### [Aim of the exercise]
Could you retype every line below exactly, omitting the images?

*** Entries supplied ***

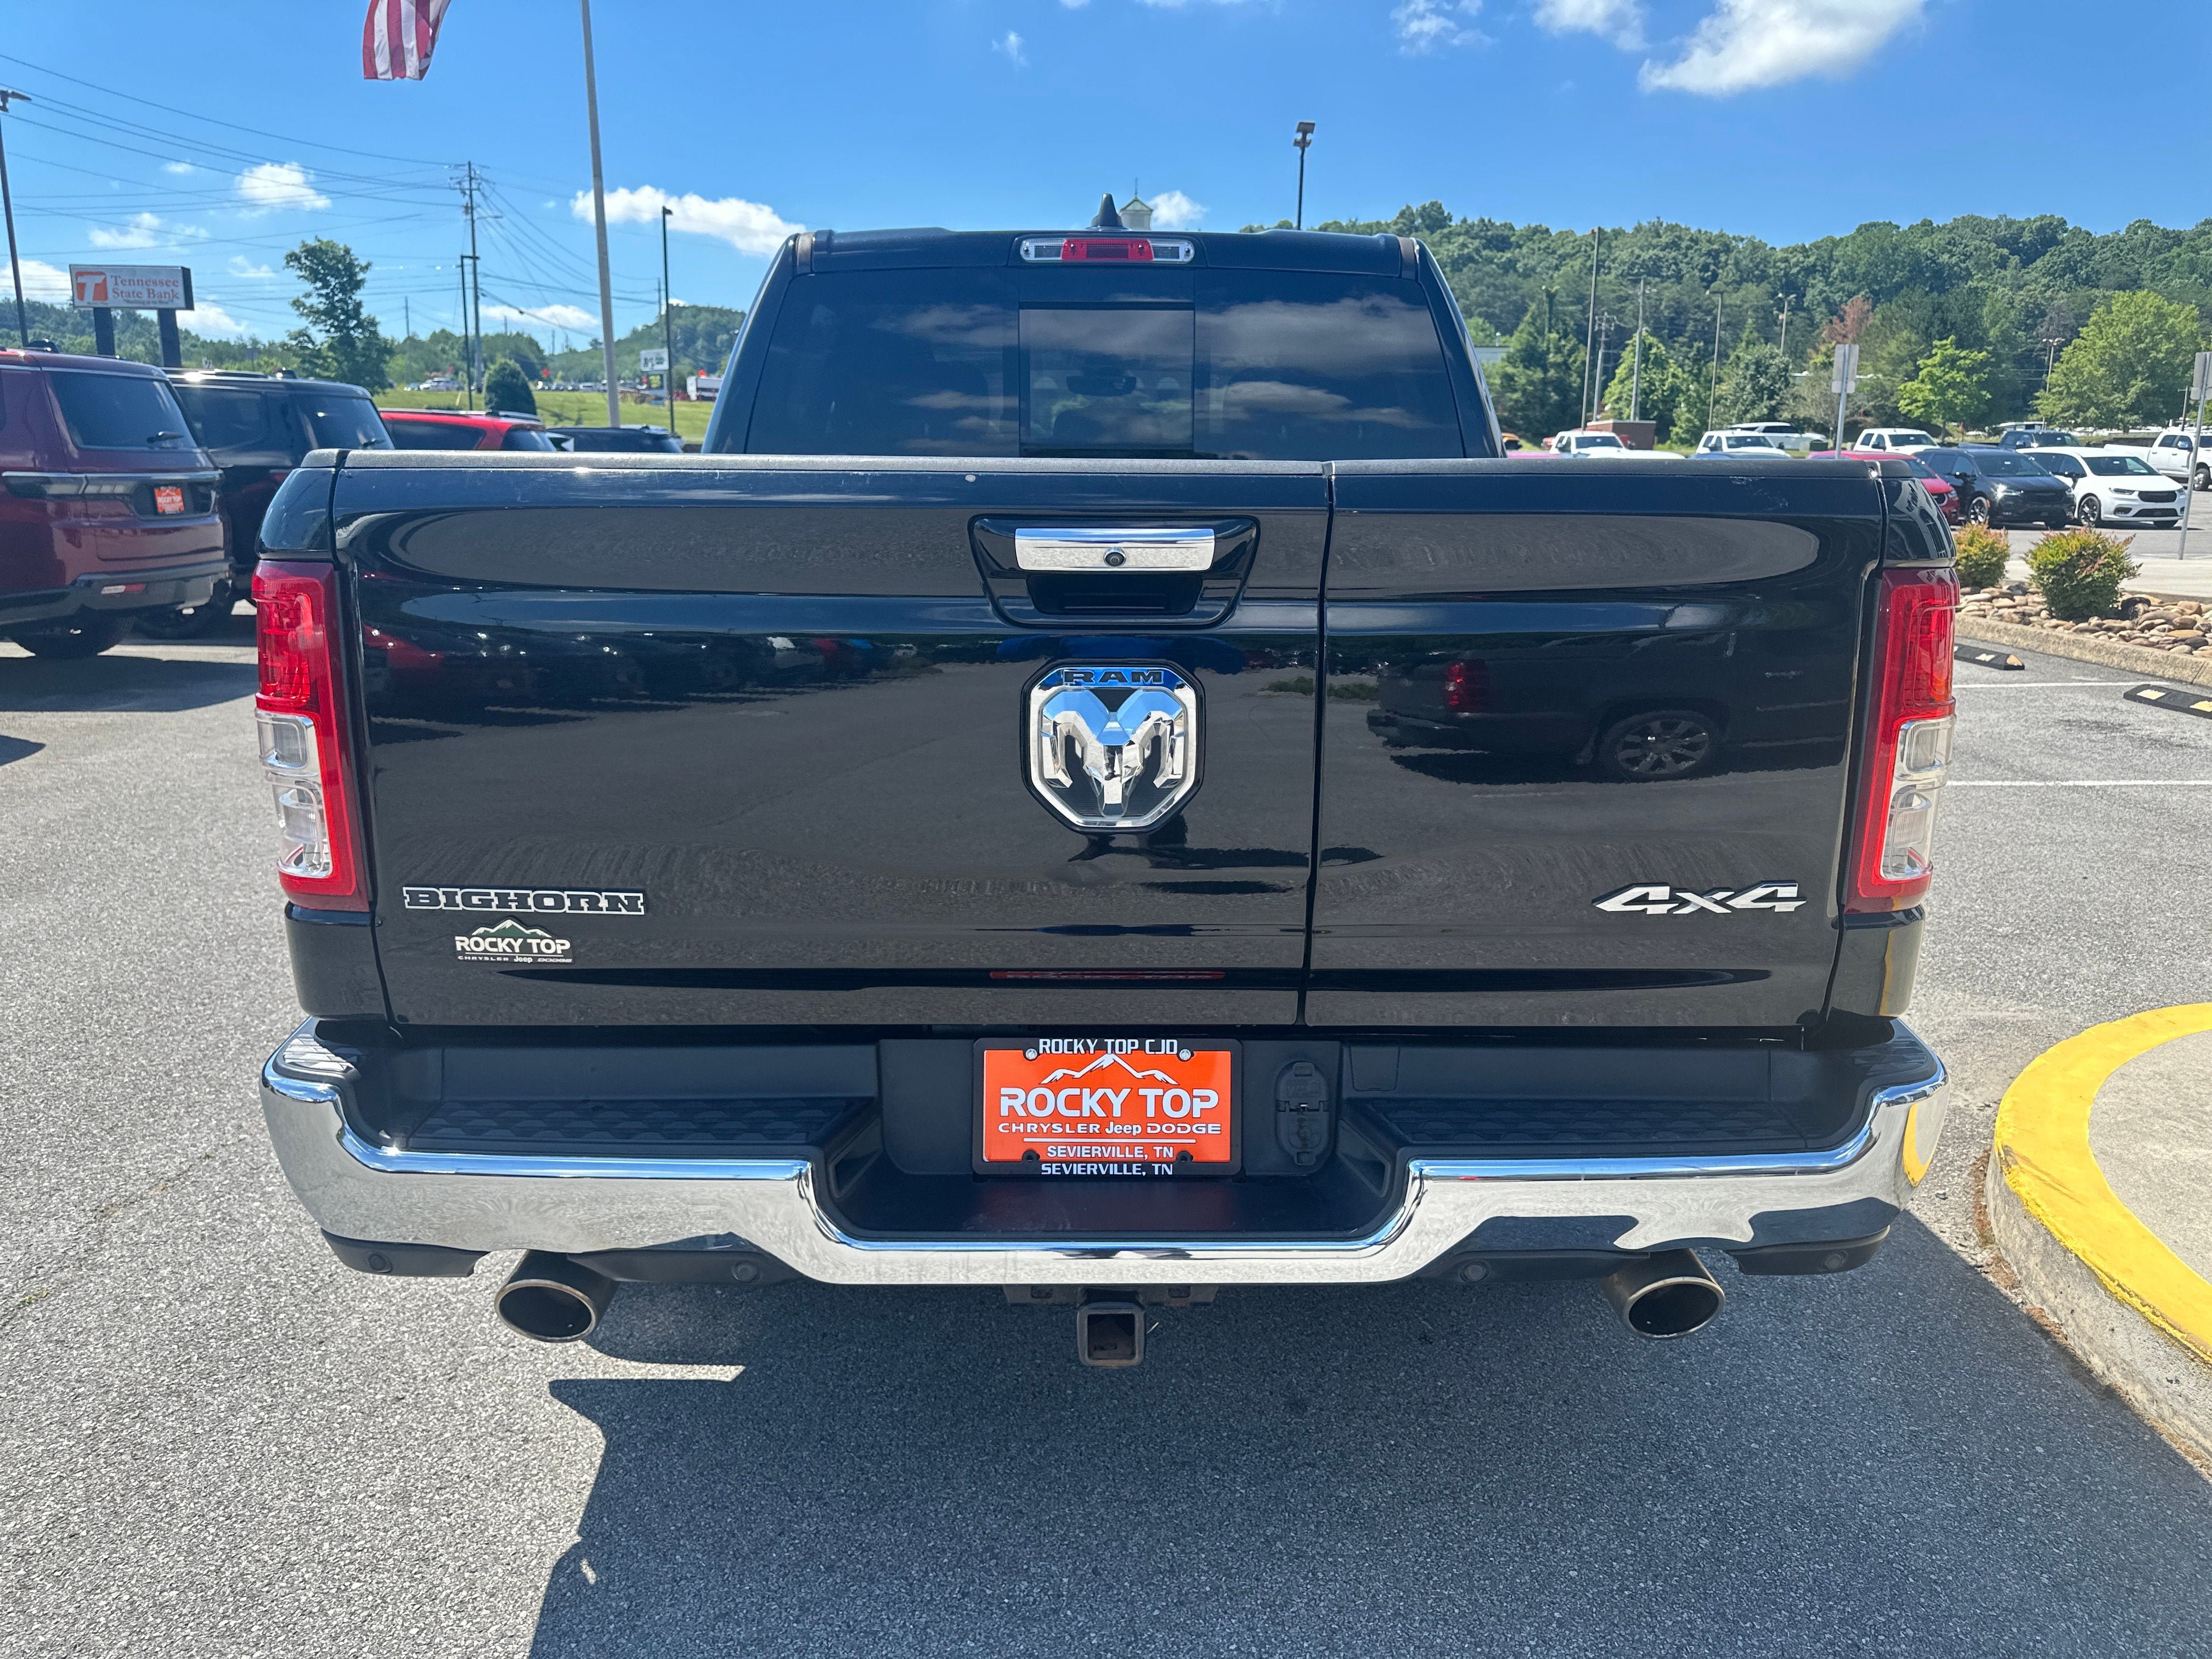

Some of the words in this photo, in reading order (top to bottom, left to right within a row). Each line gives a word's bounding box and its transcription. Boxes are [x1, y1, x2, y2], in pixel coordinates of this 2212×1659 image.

[111, 275, 179, 287] Tennessee
[112, 287, 142, 299] State
[146, 288, 179, 300] Bank
[1063, 670, 1164, 684] RAM
[403, 887, 645, 915] BIGHORN
[1592, 881, 1807, 914] 4x4
[455, 936, 523, 953] ROCKY
[527, 939, 571, 954] TOP
[1039, 1039, 1098, 1054] ROCKY
[1104, 1039, 1139, 1054] TOP
[1146, 1039, 1178, 1054] CJD
[1000, 1087, 1132, 1118] ROCKY
[1138, 1087, 1219, 1119] TOP
[998, 1122, 1101, 1134] CHRYSLER
[1105, 1121, 1142, 1136] Jeep
[1147, 1123, 1221, 1135] DODGE
[1047, 1146, 1148, 1160] SEVIERVILLE,
[1153, 1146, 1173, 1159] TN
[1041, 1163, 1146, 1176] SEVIERVILLE,
[1152, 1163, 1173, 1175] TN
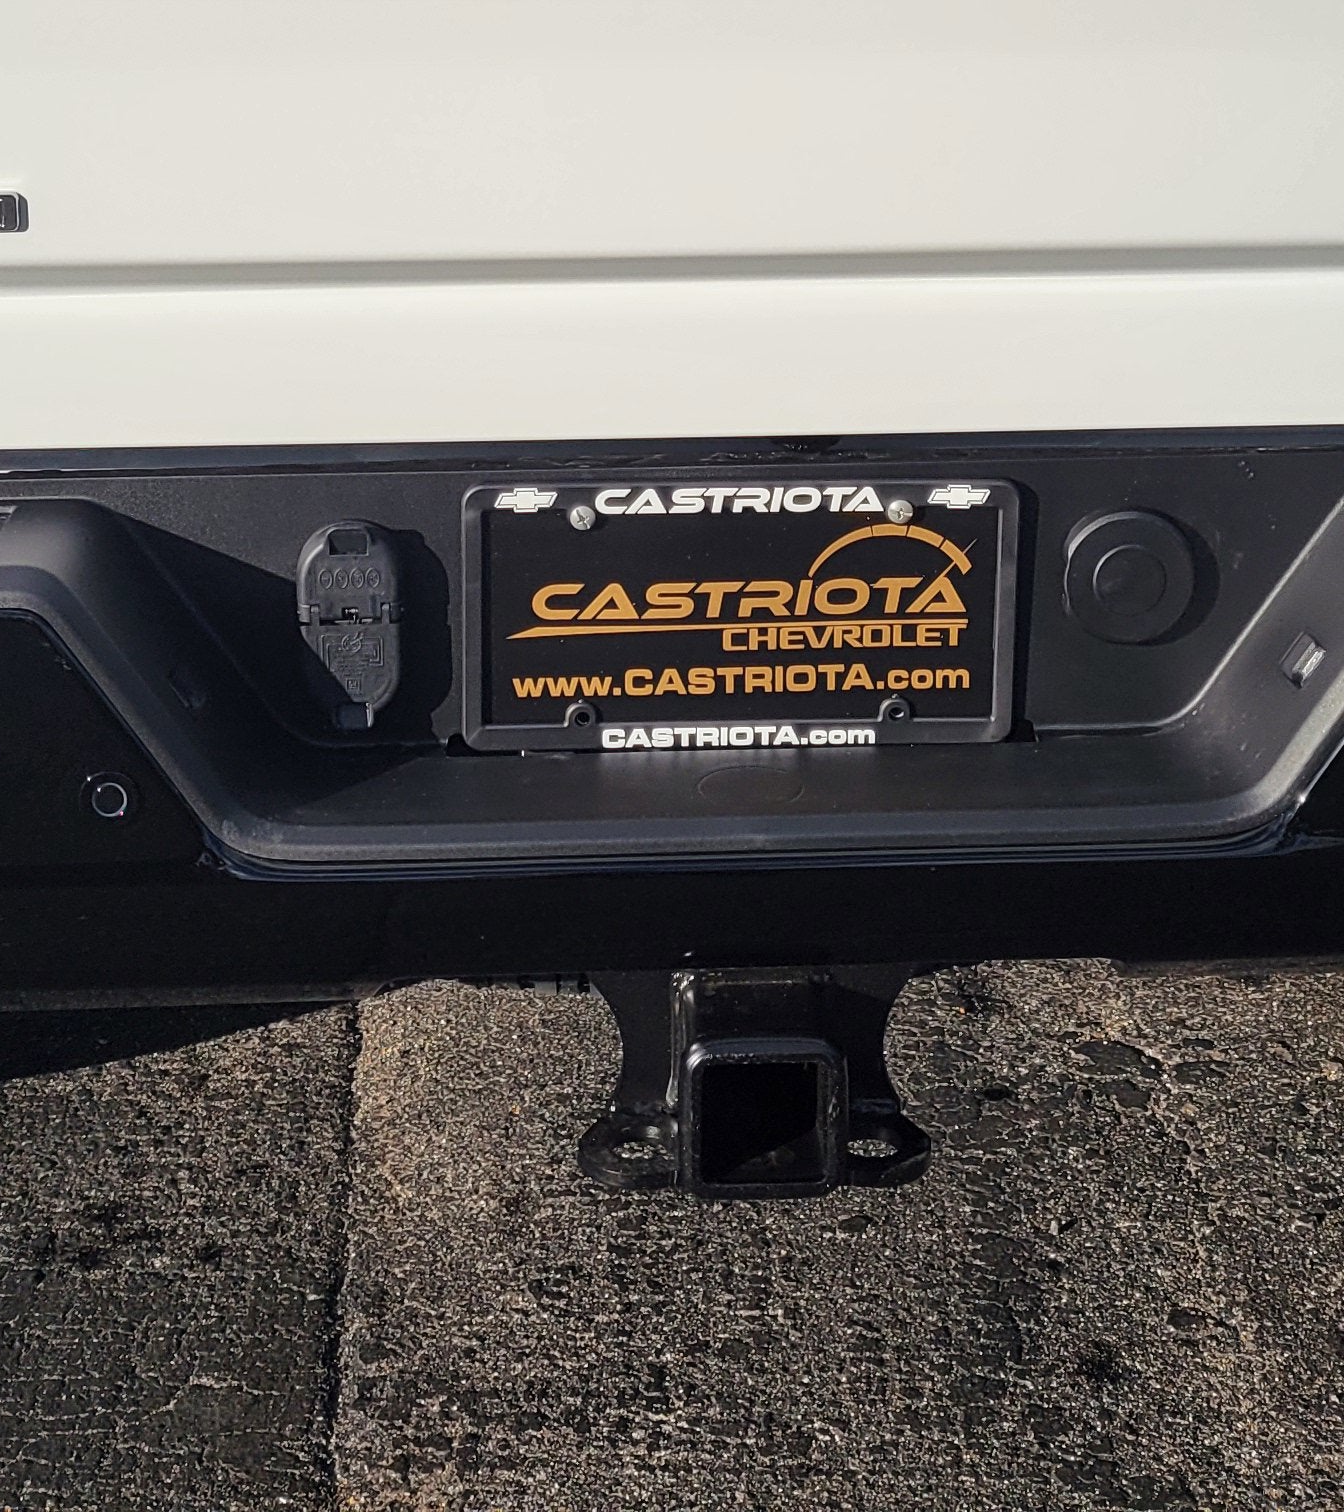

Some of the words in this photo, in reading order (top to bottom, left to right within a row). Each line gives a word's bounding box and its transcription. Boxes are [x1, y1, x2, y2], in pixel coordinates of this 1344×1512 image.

[594, 486, 885, 515] CASTRIOTA
[531, 576, 968, 620] CASTRIOTA
[722, 623, 964, 651] CHEVROLET
[513, 663, 970, 699] www.CASTRIOTA.com
[601, 725, 877, 750] CASTRIOTA.com
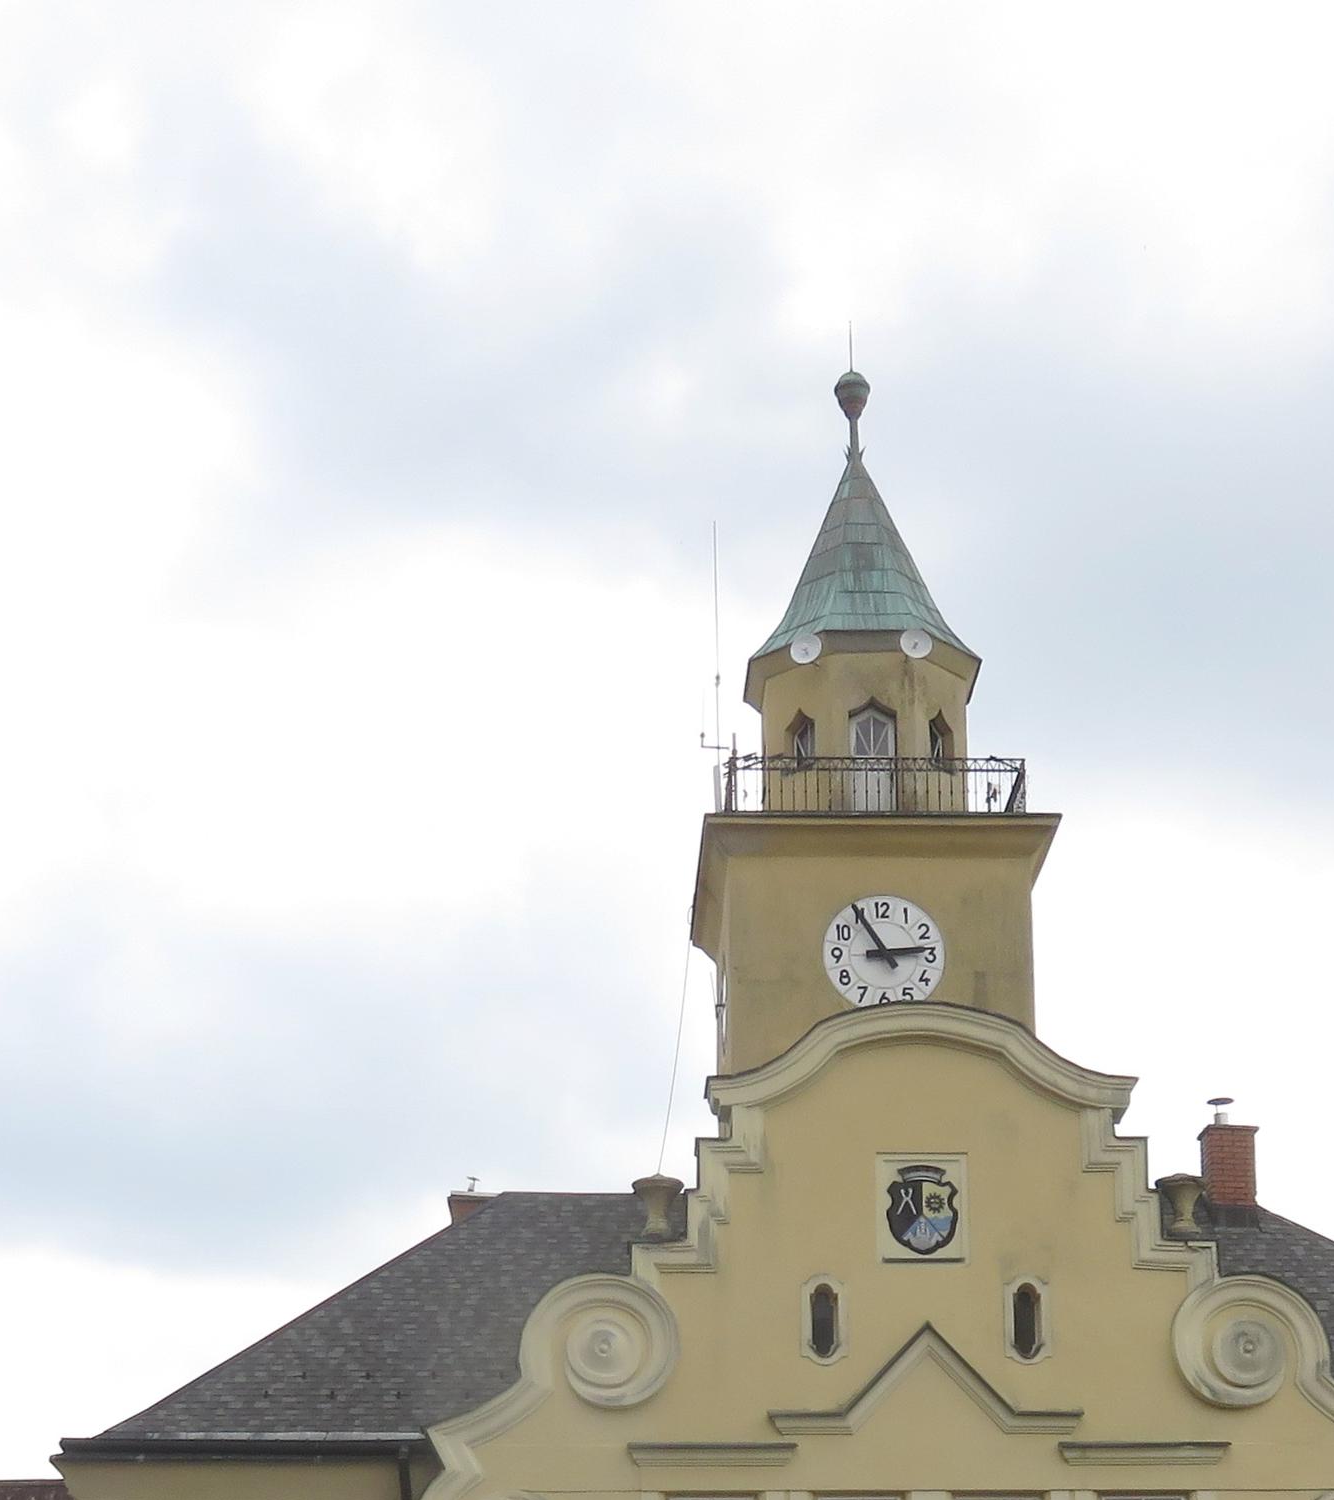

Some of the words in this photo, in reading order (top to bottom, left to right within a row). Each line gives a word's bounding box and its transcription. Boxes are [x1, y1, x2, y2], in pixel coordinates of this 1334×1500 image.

[874, 901, 890, 919] 12
[902, 907, 909, 924] 1
[836, 924, 851, 941] 10
[917, 923, 931, 940] 2
[831, 946, 843, 964] 9
[924, 947, 937, 963] 3
[839, 969, 851, 986] 8
[918, 969, 931, 986] 4
[857, 986, 868, 1003] 7
[878, 992, 891, 1004] 6
[901, 987, 914, 1000] 5

*** End of Entries supplied ***

### [Task output]
Some of the words in this photo, in reading order (top to bottom, left to right within a row). Each line gives a word's bounding box and its transcription. Boxes are [x1, y1, x2, y2], in pixel coordinates of this 2212×1659 image.

[111, 275, 179, 287] Tennessee
[112, 287, 142, 299] State
[146, 288, 179, 300] Bank
[1063, 670, 1164, 684] RAM
[403, 887, 645, 915] BIGHORN
[1592, 881, 1807, 914] 4x4
[455, 936, 523, 953] ROCKY
[527, 939, 571, 954] TOP
[1039, 1039, 1098, 1054] ROCKY
[1104, 1039, 1139, 1054] TOP
[1146, 1039, 1178, 1054] CJD
[1000, 1087, 1132, 1118] ROCKY
[1138, 1087, 1219, 1119] TOP
[998, 1122, 1101, 1134] CHRYSLER
[1105, 1121, 1142, 1136] Jeep
[1147, 1123, 1221, 1135] DODGE
[1047, 1146, 1148, 1160] SEVIERVILLE,
[1153, 1146, 1173, 1159] TN
[1041, 1163, 1146, 1176] SEVIERVILLE,
[1152, 1163, 1173, 1175] TN

Some of the words in this photo, in reading order (top to bottom, left to right within a row). Each line gives a word's bounding box and its transcription. Boxes are [x1, y1, x2, y2], in pixel coordinates of this 1344×1512 image.

[594, 486, 885, 515] CASTRIOTA
[531, 576, 968, 620] CASTRIOTA
[722, 623, 964, 651] CHEVROLET
[513, 663, 970, 699] www.CASTRIOTA.com
[601, 725, 877, 750] CASTRIOTA.com

Some of the words in this photo, in reading order (top to bottom, left to right within a row). Each line gives a word's bounding box and its transcription. Boxes are [x1, y1, x2, y2], in pixel coordinates of this 1334×1500 image.

[874, 901, 890, 919] 12
[902, 907, 909, 924] 1
[836, 924, 851, 941] 10
[917, 923, 931, 940] 2
[831, 946, 843, 964] 9
[924, 947, 937, 963] 3
[839, 969, 851, 986] 8
[918, 969, 931, 986] 4
[857, 986, 868, 1003] 7
[878, 992, 891, 1004] 6
[901, 987, 914, 1000] 5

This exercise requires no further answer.